EAST LANSING -- Michigan State University has beaten out Argonne National Laboratory for a $550 million nuclear physics research project, a project that many say could transform mid-Michigan’s economy over the next decade.
Estimates say the project will bring $1 billion in new economic activity and $187 million in tax revenue over 20 years; 300 jobs for scientists and facility staff; 5,800 one-year construction jobs; 220 spinoff jobs.
The Facility for Rare Isotope Beams will be a next-generation facility, housing a superconducting linear accelerator 1,000 times stronger than the machines currently running at MSU’s National Superconducting Cyclotron Laboratory. In some cases, 100,000 times stronger.
It will allow MSU to stay at the cutting edge of rare isotope research for decades to come. If the project had not gone to MSU, the cyclotron laboratory likely would have been closed within the next decade.
And when the news arrived that MSU had won the day, a shout of joy rang out down the halls of the lab.
“I feel like I have to go into an emotional downstate just to survive the day,” said cyclotron lab Director C. Konrad Gelbke, speaking by phone from Washington, D.C. “It really is an important development that there is a path forward for something we’ve worked on for a decade.”
MSU scientists had been active in advocating for the necessity of a project like FRIB for years and had hoped to win an earlier version of the project called the Rare Isotope Accelerator, which was shelved by the Department of Energy in 2006.
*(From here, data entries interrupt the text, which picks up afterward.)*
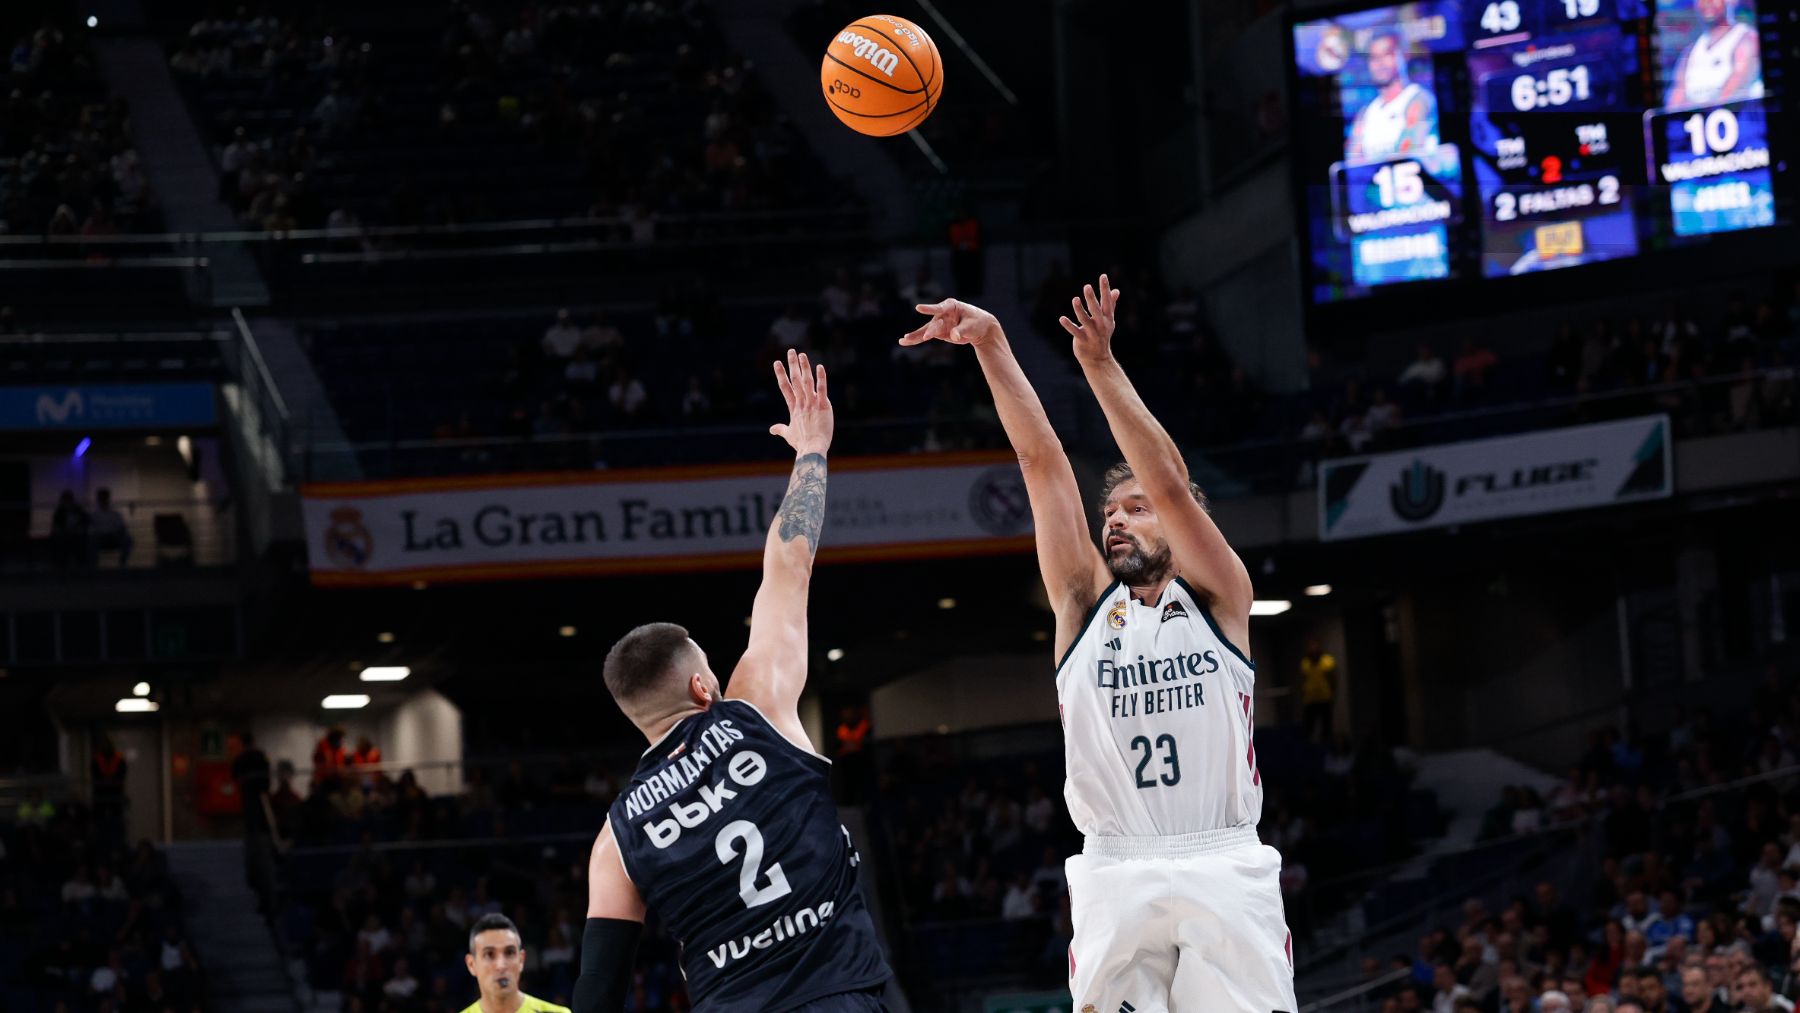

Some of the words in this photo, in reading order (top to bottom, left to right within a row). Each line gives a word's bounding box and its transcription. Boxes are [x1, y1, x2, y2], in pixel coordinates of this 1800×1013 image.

[1480, 0, 1521, 33] 43
[838, 30, 899, 77] Wilson
[833, 79, 861, 99] acb
[1511, 65, 1590, 111] 6:51
[1685, 109, 1739, 155] 10
[1373, 161, 1424, 206] 15
[1541, 155, 1562, 183] 2
[1496, 193, 1517, 221] 2
[1519, 185, 1594, 214] FALTAS
[1597, 175, 1620, 204] 2
[400, 509, 463, 552] La
[473, 505, 607, 547] Gran
[618, 492, 781, 543] Famil
[1097, 649, 1219, 690] Emirates
[1111, 692, 1138, 718] FLY
[1145, 682, 1205, 715] BETTER
[1130, 733, 1182, 788] 23
[643, 779, 738, 849] bbk
[715, 819, 792, 909] 2
[707, 901, 834, 969] vueling
“The exciting thing, of course, is we’re going to build it and we’re going to become a science center and a world leading facility for 20 years or more,” Gelbke said. “There is a long-term trajectory that is absolutely exciting.”
MSU had put forth a massive effort to win the project, gathering an advisory committee that included dozens of political, business, labor and educational leaders from around the state and even rallying students who didn’t necessarily understand the fine points of nuclear physics, but understood the potential and prestige of a facility such as FRIB.
MSU President Lou Anna Simon described that effort as “a classic MSU approach.”
Rather than designing an entirely new facility, MSU officials created a proposal that built on the existing lab and its equipment, only “augmented with the new $550 million from the Department of Energy to turn them into a 21st century world-class facility,” she said.
The cyclotron lab is already the country's leading research facility for rare isotopes - atoms that exist at the far edges of the nuclear landscape, so unstable that they often exist only for fractions of a second.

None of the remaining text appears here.